I'm assuming you don't have children together, so I don't see the need to keep in touch. Especially as frequently as you are, which will just keep getting more and more frequent. If he's lonely, well, that's his problem to solve and you're not the solution.


----------



## Livvie

Hard no on keeping in touch like this, because you don't have children, and there is no need to.


----------



## TXTrini

I would have to say a big fuuuuuuuck no.

Then again, we did not part amicably, so I most definitely did not want to be friends. He tried, I kept it all business as we also had no kids. 

Do what feels right to you but maintain clear boundaries. Some people are comfortable with contact, some are not. I've taken heavy criticism (not here) for cutting exes out of my life and moving on.


----------



## joannacroc

Only for co-parenting.


----------



## Married but Happy

I don't keep in touch with my ex-wife, as she is one of my least favorite people. We may exchange an email every other year, like when her mother or my father died (we liked each other's parents).

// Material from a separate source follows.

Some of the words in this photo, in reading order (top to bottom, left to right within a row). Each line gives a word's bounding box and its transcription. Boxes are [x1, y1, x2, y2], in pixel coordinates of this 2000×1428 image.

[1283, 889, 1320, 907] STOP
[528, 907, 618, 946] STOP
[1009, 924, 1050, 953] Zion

On the other hand, I do keep in touch with a handful of ex-lovers/gfs, but those are a minority, and are actually very good friends but no longer with benefits.


----------



## SpinyNorman

I do, I don't see what the big deal is. 

Members of this site tend to be infidelity-phobic. The world is full of women, and exactly one I know I don't like being married to.

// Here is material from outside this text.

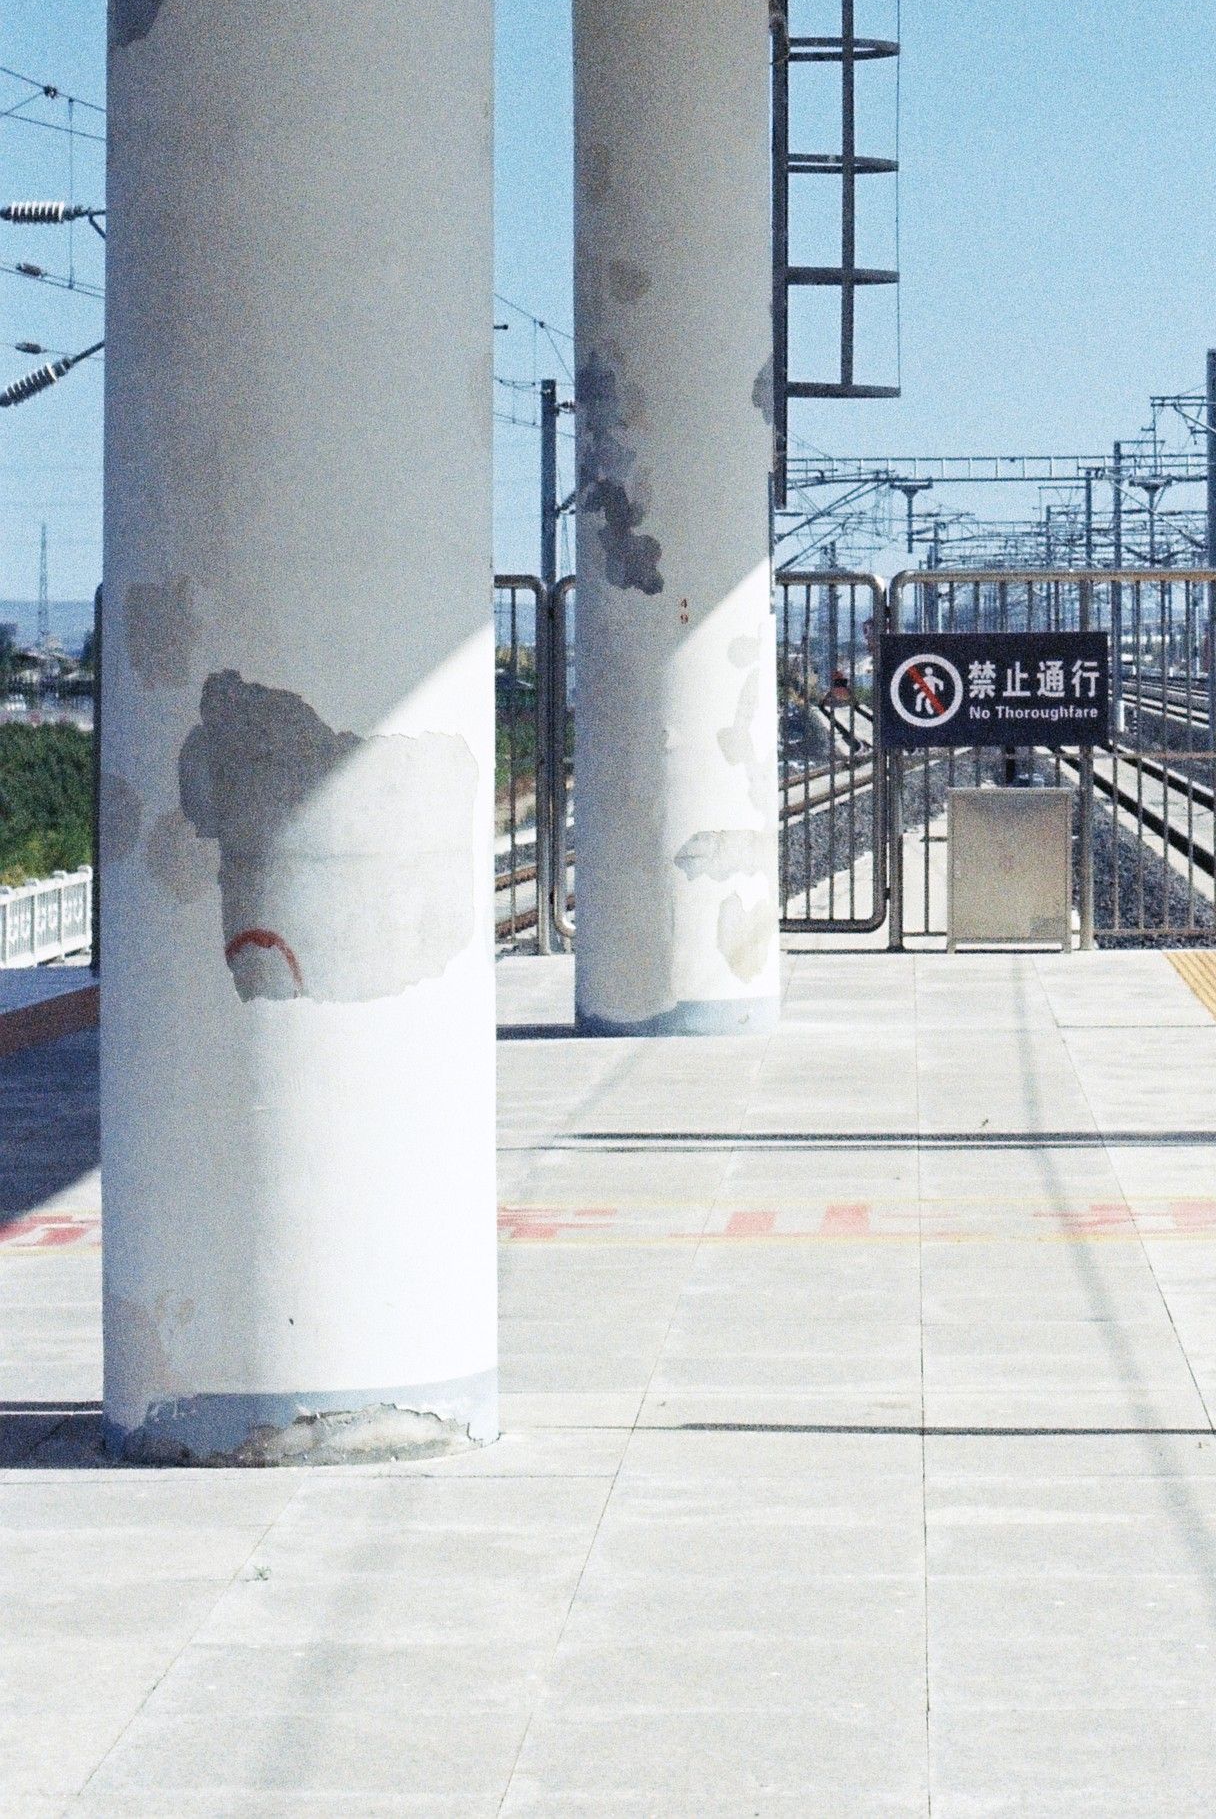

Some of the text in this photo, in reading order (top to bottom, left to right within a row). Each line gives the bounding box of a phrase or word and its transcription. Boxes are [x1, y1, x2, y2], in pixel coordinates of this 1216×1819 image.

If you don't like being in touch w/ the ex, don't. If you do, you don't need the permission of anyone here.


----------



## TXTrini

SpinyNorman said:


> I do, I don't see what the big deal is.
> 
> Members of this site tend to be infidelity-phobic. The world is full of women, and exactly one I know I don't like being married to.
> 
> If you don't like being in touch w/ the ex, don't. If you do, you don't need the permission of anyone here.


It _is_ Talk About Marriage, and unless you signed up for an open marriage, you bet your ass we're mostly infidelity-phobic.


----------



## Chaotic

I'm not worried about this leading to infidelity. There's zero chance of that. I guess I'm more concerned that he might be leaning on me for human connection, given his mental health and lack of friends, and that it might not be healthy. I guess it comes down to strictly maintaining boundaries. 👍


----------



## NextTimeAround

You could explain the situation to your husband. He gets final say and if it is yes, he gets to set up the guardrails.

In your case, though, I would worry that your ex may become needy. I've been in enough situations to know that someone can suck you in and then accuse you of leading him on. As they say, the road to hell is paved with good intentions.


----------



## pastasauce79

I don't have an ex husband but I have ex boyfriends. I'm friends with them through Facebook and I have chatted with them maybe once a year or two. We mostly interact through posts.

I believe you can have friends of the opposite sex if you of youare sure of your relationship and respect boundaries. 

Why are you asking if it's ok to be friends with your ex? Do you feel guilty? Are you worried about what people think? Is it bothering your boyfriend? 

Relationships are complex, one mold doesn't fit all. Do whatever feels right.


----------



## Luckylucky

It’s a worry if you feel sorry for him... only because I the situation might escalate further and you may catch the feels.

I’ve heard of a few EAs that started like this and the person said they felt bad/wanted to help in the beginning... then later they simply couldn’t stop because they cared so much for the person and felt they would be abandoning them. You know how that circus goes, and what happens when the current partner wants it to stop, the person thinks they’re doing nothing wrong but too spineless to cut contact because they genuinely honestly feel they’re a good person

Do you have some weakness there that you feel might take you down a road you won’t be able to come back from?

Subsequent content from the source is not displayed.